US Department of Commerce focusing on supply chain resilience

Several key initiatives seek to strengthen the links that help avoid product shortages, strengthen US competitiveness and create good jobs

WASHINGTON — With a goal of lowering costs to Americans because of ongoing supply chain issues, Deputy Secretary of Commerce Don Graves participated in the inaugural meeting of the White House Council on Supply Chain Resilience earlier this week.

At the event here, he outlined the work of Commerce’s Supply Chain Center along with several other key steps he said the department is taking to lower costs for American families, strengthen U.S. economic competitiveness, protect U.S. national security, and create good jobs and broad-based economic opportunity by increasing the resilience of supply chains.

This work is about more than preventing shortages like those seen at the height of the pandemic — it is about ensuring U.S. companies lead the industries of the future and that all Americans benefit from the prosperity and security that comes with this leadership and freedom from unsustainable dependencies. 

The fact sheet on the Biden-Harris Administration efforts to strengthen supply chains is here.

“Increasing U.S. supply chain resilience is, without question, one of the top priorities here at the Department of Commerce,” said Deputy Secretary Graves. “By utilizing a whole-of-Commerce approach, the full force of the department is working to ensure that we have the tools and resources necessary to create an economy that works for all Americans, starting with resilient supply chains.” 

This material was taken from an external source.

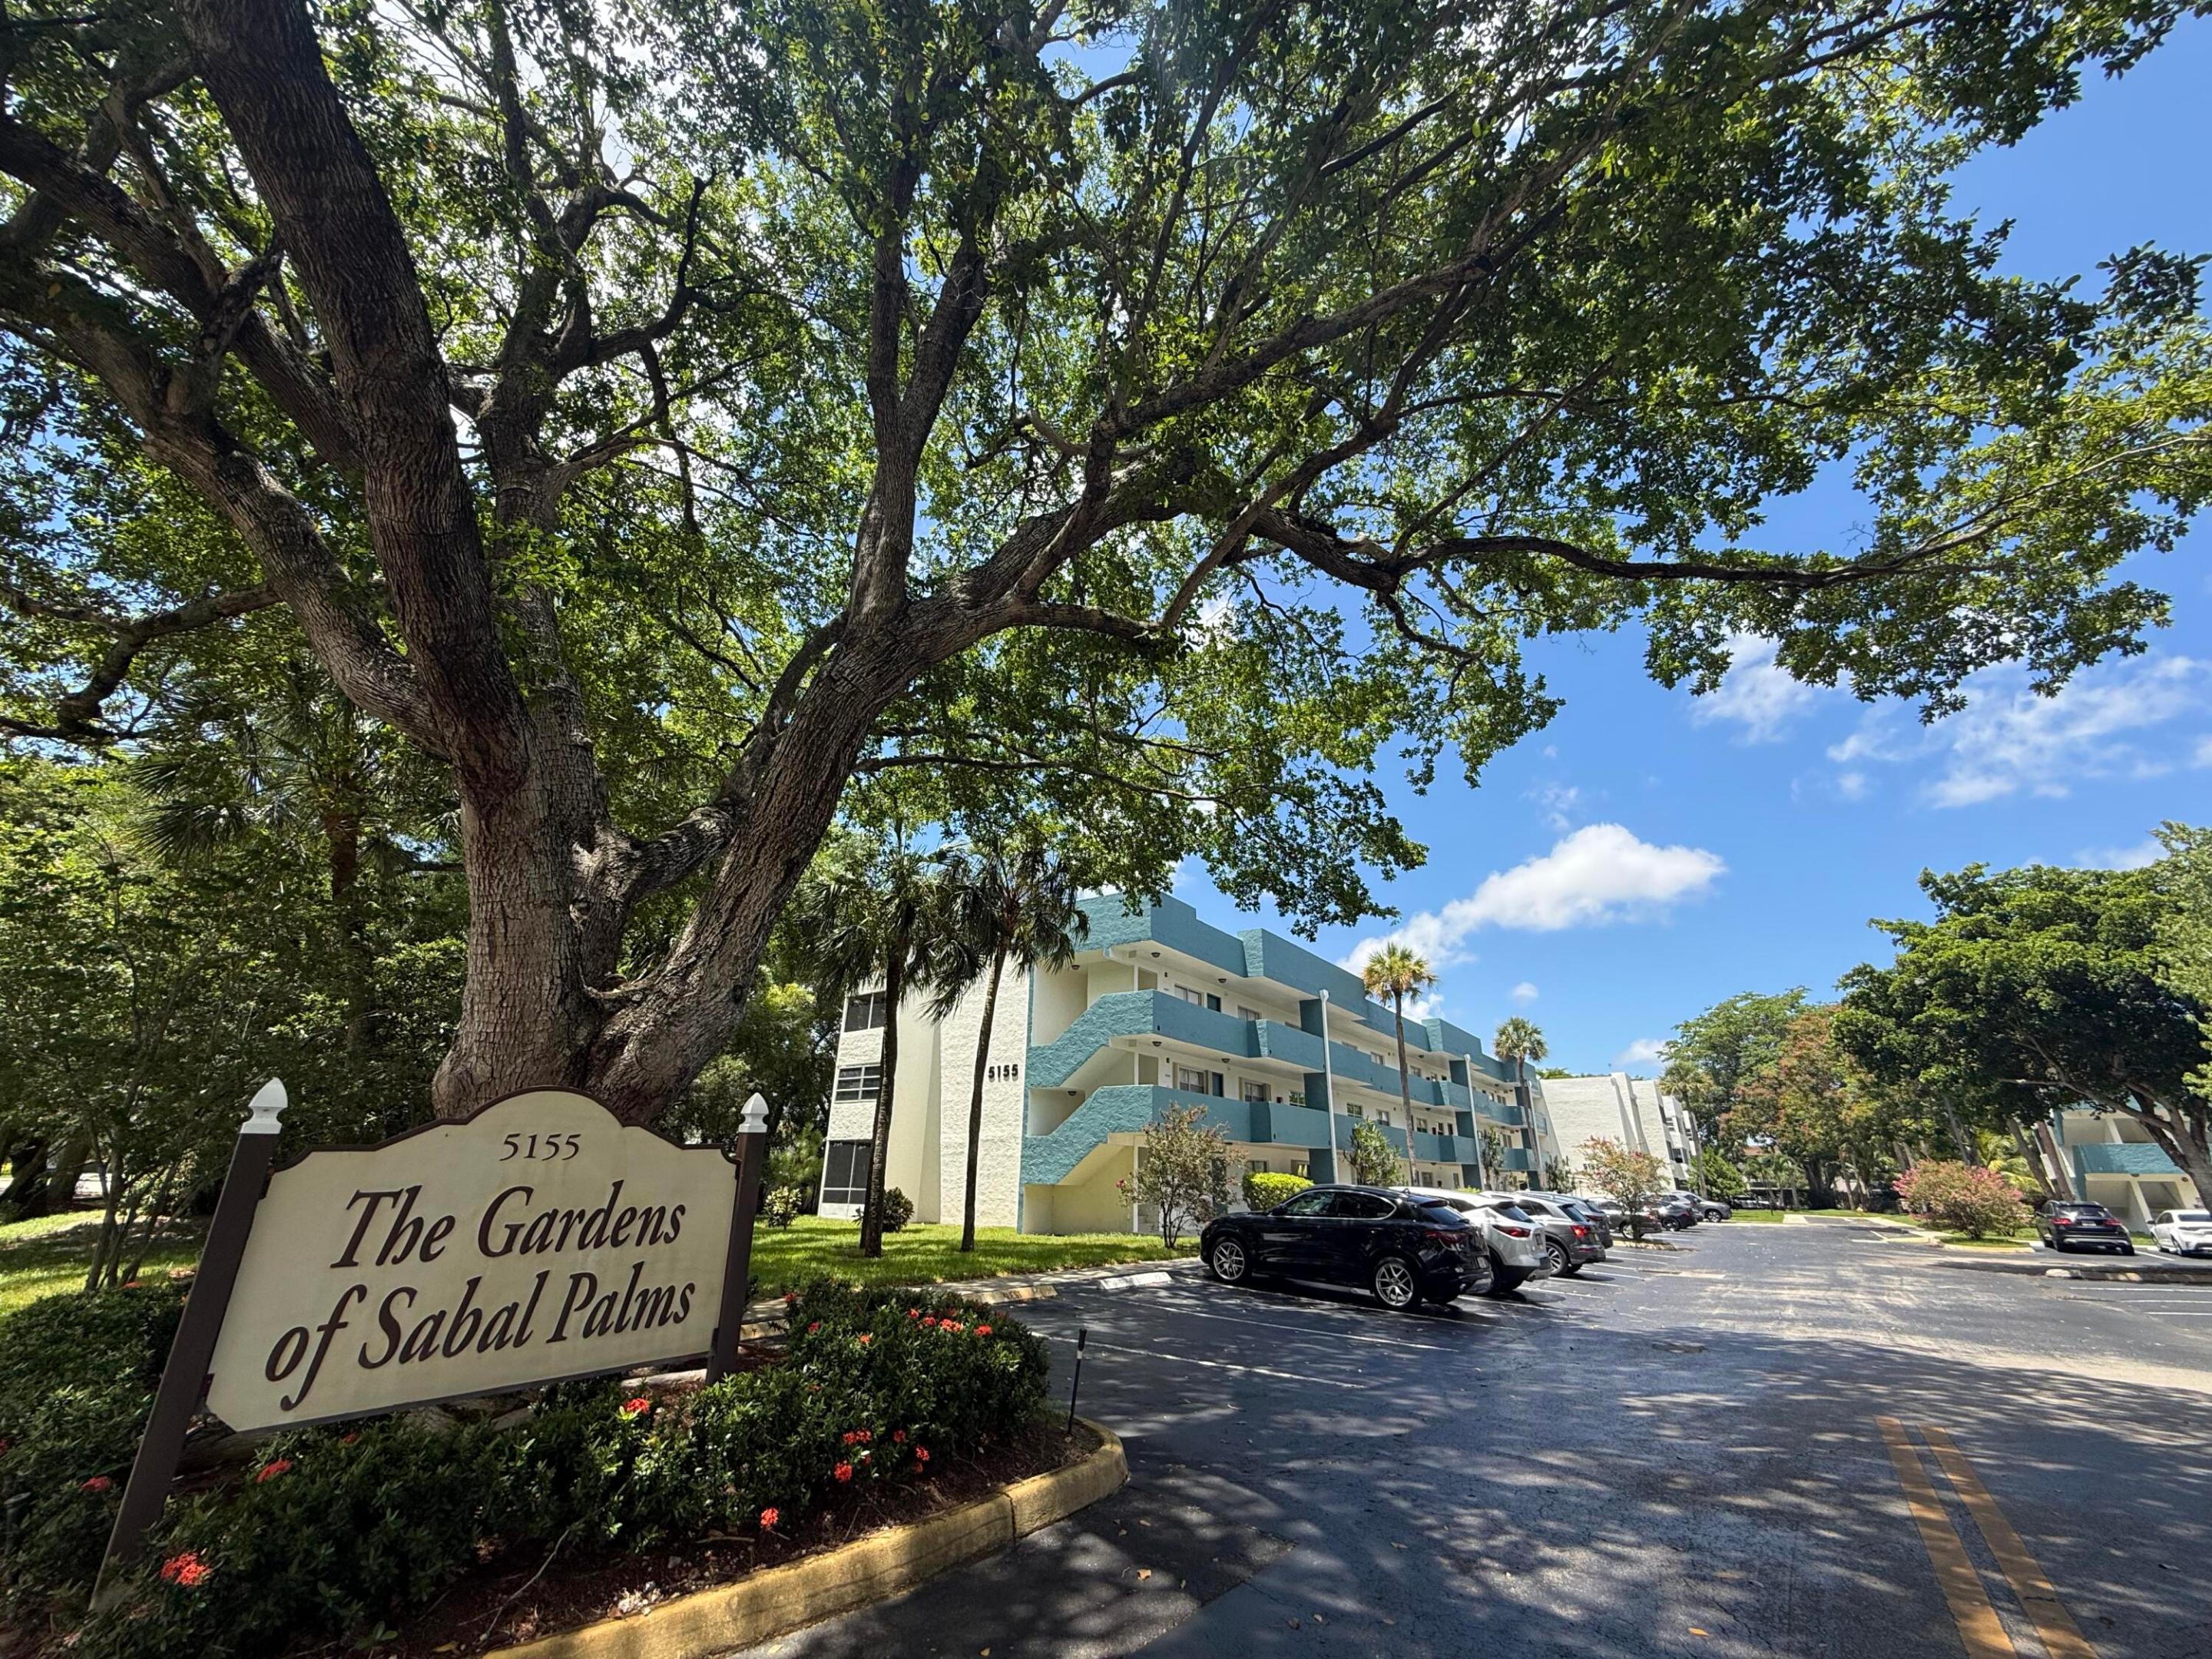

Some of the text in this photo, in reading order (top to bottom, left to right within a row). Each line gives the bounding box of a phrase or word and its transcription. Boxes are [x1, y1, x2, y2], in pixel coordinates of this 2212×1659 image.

[988, 1064, 1018, 1079] 5155
[499, 1132, 582, 1162] 5155
[329, 1180, 687, 1270] The Gardens
[265, 1261, 696, 1412] of Sabal Palms

Graves described the unique contributions to U.S. supply chain work being made by the recently formed Supply Chain Center, established by Commerce earlier this year.

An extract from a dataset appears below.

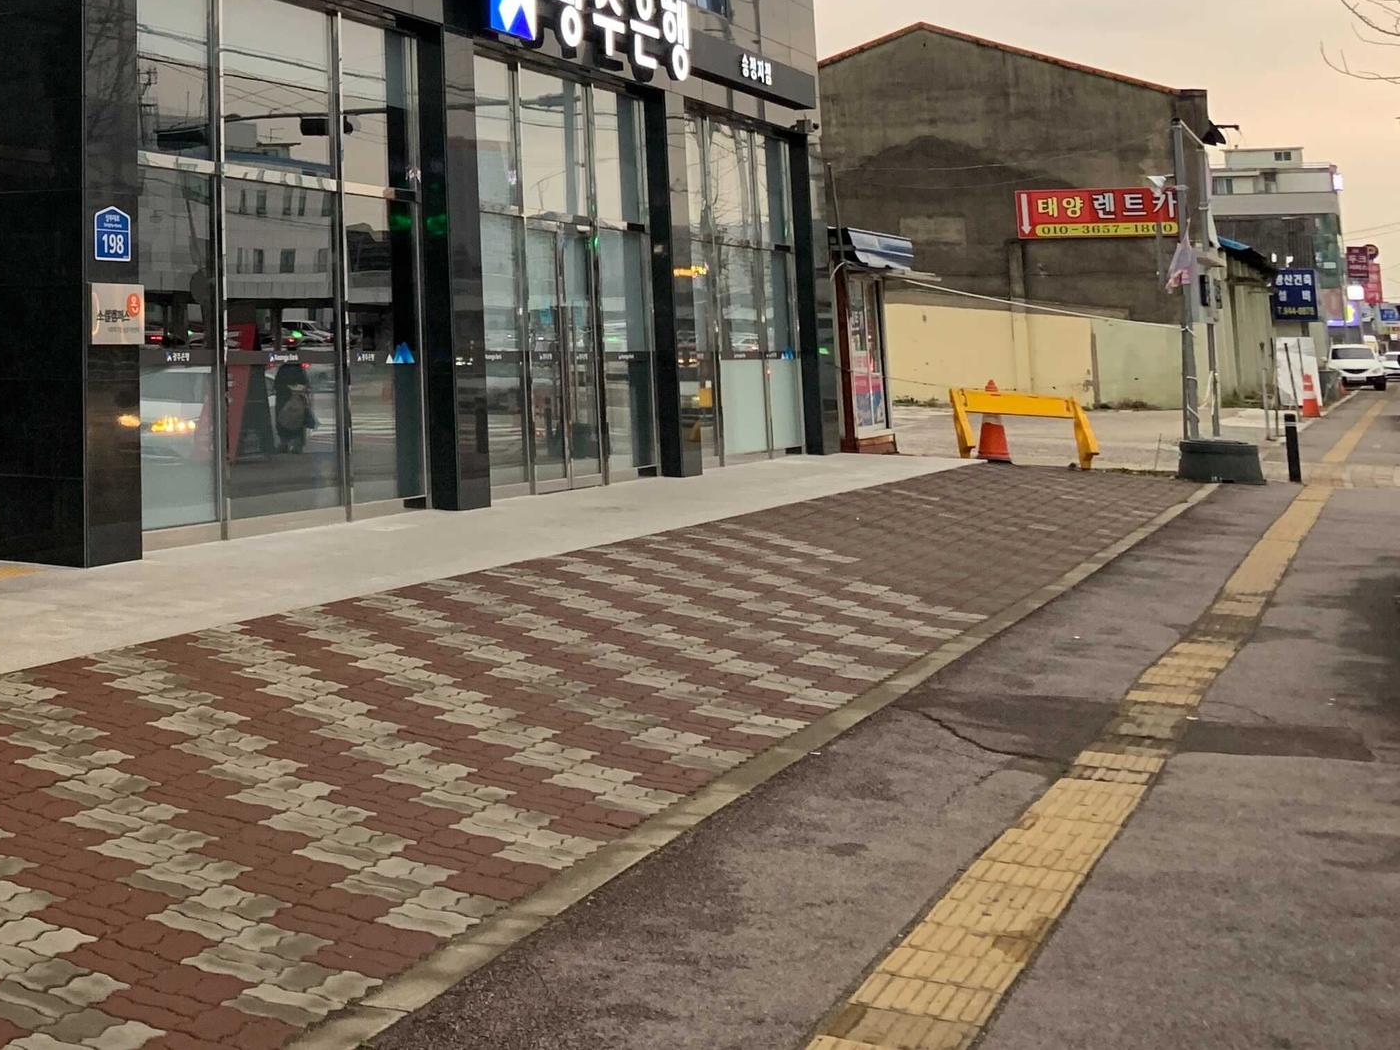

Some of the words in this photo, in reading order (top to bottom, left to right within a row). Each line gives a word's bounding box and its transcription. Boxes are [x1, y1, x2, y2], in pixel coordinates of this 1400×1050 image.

[741, 53, 772, 86] 송정지점
[1037, 196, 1084, 218] 태양
[1092, 191, 1177, 219] 렌트카
[102, 234, 124, 254] 198

According to Graves, the Supply Chain Center integrates industry expertise and data analytics to develop innovative supply chain risk assessment tools and coordinate deep-dive analyses on select critical supply chains to drive targeted actions.

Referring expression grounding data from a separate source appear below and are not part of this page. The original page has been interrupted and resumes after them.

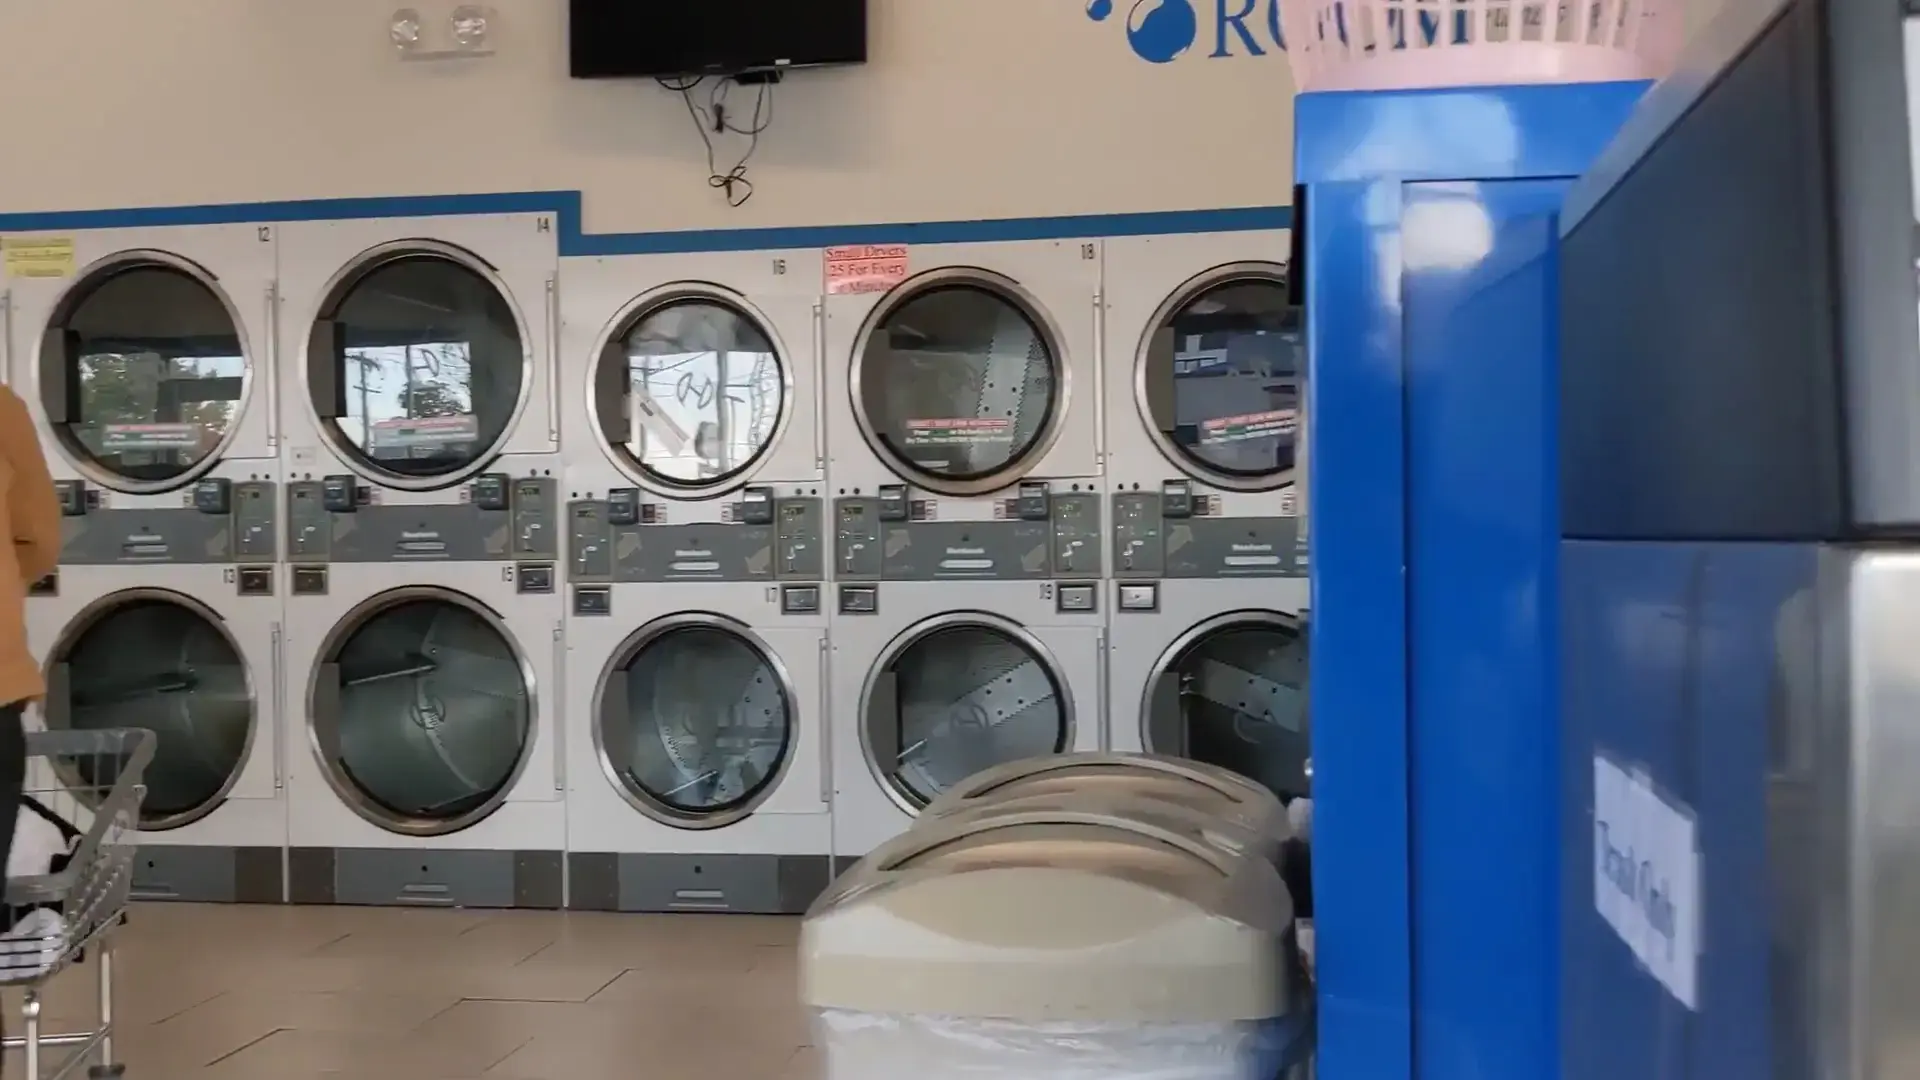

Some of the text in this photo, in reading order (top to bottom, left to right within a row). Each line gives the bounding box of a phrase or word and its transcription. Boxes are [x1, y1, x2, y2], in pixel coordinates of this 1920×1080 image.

[536, 216, 550, 233] 14
[257, 226, 270, 243] 12
[1081, 243, 1094, 260] 18
[848, 263, 869, 276] For
[871, 262, 906, 276] Every
[222, 567, 236, 584] 13
[501, 566, 514, 582] 15

As part of his presentation, Graves made additional announcements and highlighted the wide range of contributions Commerce is making as a leader on U.S. supply chain resiliency, which include the following:

  • Supply Chain Data Summit: The department, led by the Supply Chain Center and the Industry and Analysis unit, will convene a diverse array of public and private stakeholders at a Supply Chain Data and Analytics Summit in 2024. The event will gather expert input to inform supply chain risk assessment models and tools and facilitate expanded sharing of data and analytic capabilities.
  • CHIPS Notice of Funding Opportunity: Commerce, along with CHIPS for America, has driven action on semiconductor supply chains. On Sept. 29, Commerce released a second funding opportunity to strengthen the resilience of the semiconductor supply chain, advance U.S. technology leadership, and support vibrant domestic semiconductor clusters. The funding opportunity seeks applications for commercial semiconductor materials and manufacturing equipment facilities with capital investments less than $300 million. It builds upon the department’s announcement in June expanding funding to larger supply chain projects. Supply chain applicants are vital to producing semiconductors in the United States, supporting the domestic manufacturing ecosystem, and creating jobs and opportunities in communities across the country.
  • Manufacturing Extension Partnerships: Small and medium-sized manufacturers are vital to U.S. supply chains, and Commerce has been expanding its work to support them. Administered by DOC’s National Institute of Standards and Technology, the network of MEPs works to drive innovation and sustainability in manufacturing and build U.S. manufacturing capacity at all tiers in the supply chain ecosystem. In June, MEP awarded more than $20 million across the MEP National network to create the Supply Chain Optimization and Innovation Network, or S-COIN, which will focus on providing supplier scouting services, establishing new service offerings to improve existing supply chain networks, filling gaps in the supply chain by connecting original equipment manufacturers with small and medium-sized manufacturers, and creating a complete map of U.S. supplier capability and capacity.
  • Indo-Pacific Economic Framework for Prosperity: The United States and 13 regional partner nations have substantially concluded negotiations on agreements under IPEF. Commerce has played a leading role in reaching agreement on historic cooperation around supply chains, climate and sustainability, preventing and combating corruption, and improving tax transparency and tax administration. In particular, the Supply Chain Agreement is a first-of-its-kind, innovative accord that will help build resilience and competitiveness into critical supply chains, and Commerce is kickstarting this effort through pilot projects to enhance the resilience of key supply chains, including those related to semiconductors, critical minerals and cold chain services.
  • Census Data Collection: Through the Census Open Innovations Lab, the Census Bureau is currently in Phase 2 of the StatVentures Supply Chain Challenge, which seeks innovative data ideas from the public, industry and academia to improve measurement of supply chains. Census is also developing new data and visualization tools to expand U.S. Government insights into manufacturing, imports/exports, movement of goods, sale of goods, labor supply and more.